The film encapsulated Cran’s ability to cut straight to the heart of a story, containing an in-depth interview with the informer. This knack was also on display in Jihad: The Men and Ideas Behind Al Qaeda, broadcast in 2006 and featuring people who had personally known Osama bin Laden. His last series, for Al Jazeera, investigated the Lockerbie bombing.
Cran’s first marriage to Araminta Wordsworth ended in divorce. His second wife, Stephanie Tepper, was an editor at the station that made World and later worked with him on several films. Tepper and Cran had three daughters: Jessica and twins Chloe and Rebecca. Tepper died in 1997 of cancer when their children were aged 12 and four, and for much of his career Cran was a single parent.

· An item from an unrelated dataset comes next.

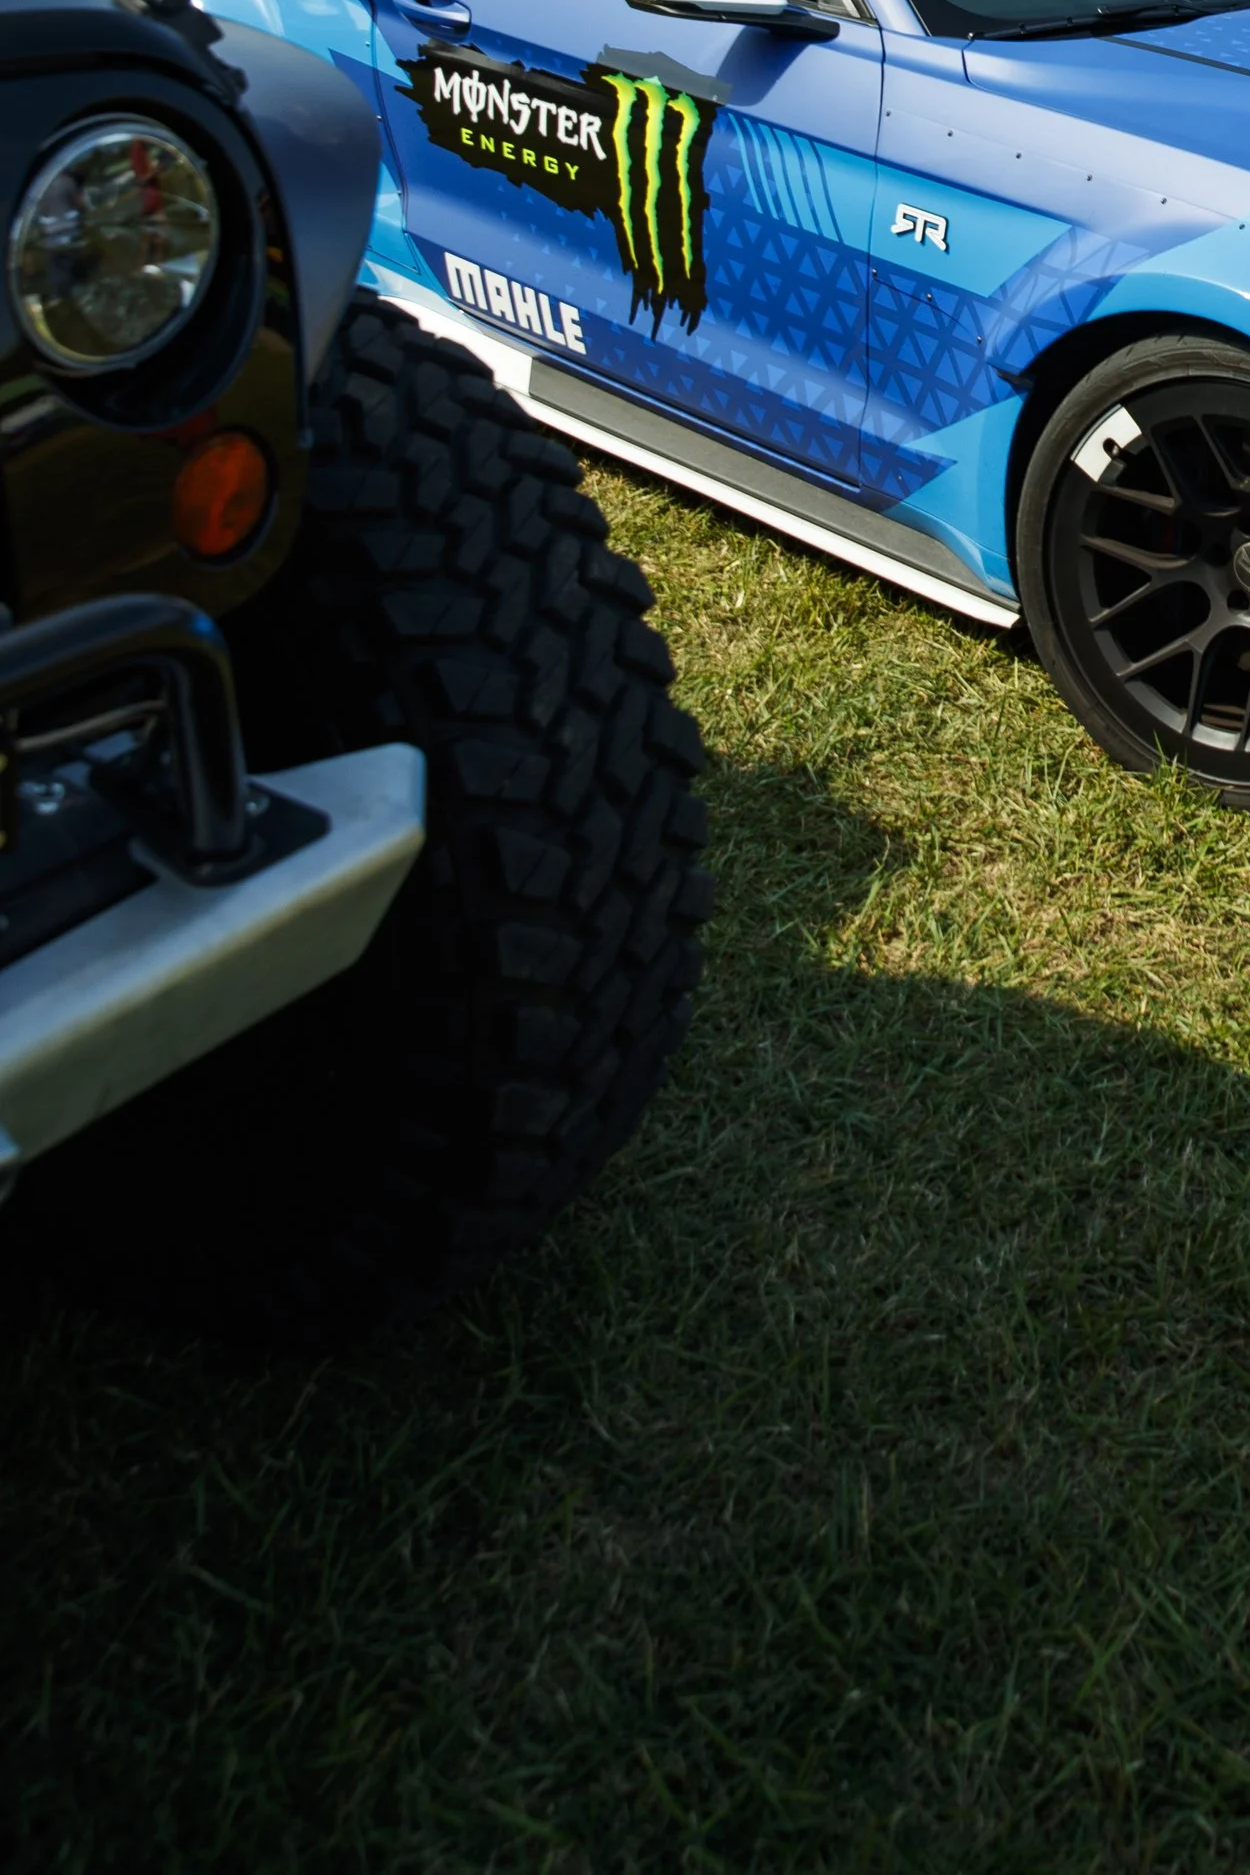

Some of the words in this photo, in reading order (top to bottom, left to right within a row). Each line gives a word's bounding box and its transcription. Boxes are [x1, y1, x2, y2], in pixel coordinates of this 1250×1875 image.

[433, 67, 606, 159] MONSTER
[460, 128, 580, 181] ENERGY
[445, 252, 587, 354] MAHLE

His third wife, Polly Bide, was a television executive. She too died of cancer. Both marriages had been happy and left Cran devastated. “He went through a very long period in the middle of his career suffering the most terrible grief, and he got through it with astonishing nobility of spirit,” recalled McCrum.
Cran met Barker, who survives him, at a dinner party in London in 2003. They wed in 2014. Shortly afterwards, Cran was diagnosed with Parkinson’s disease. He spent part of his later years sipping cocktails and watching westerns with friends and taking trips on the Thames with Barker in their boat, Riverrun.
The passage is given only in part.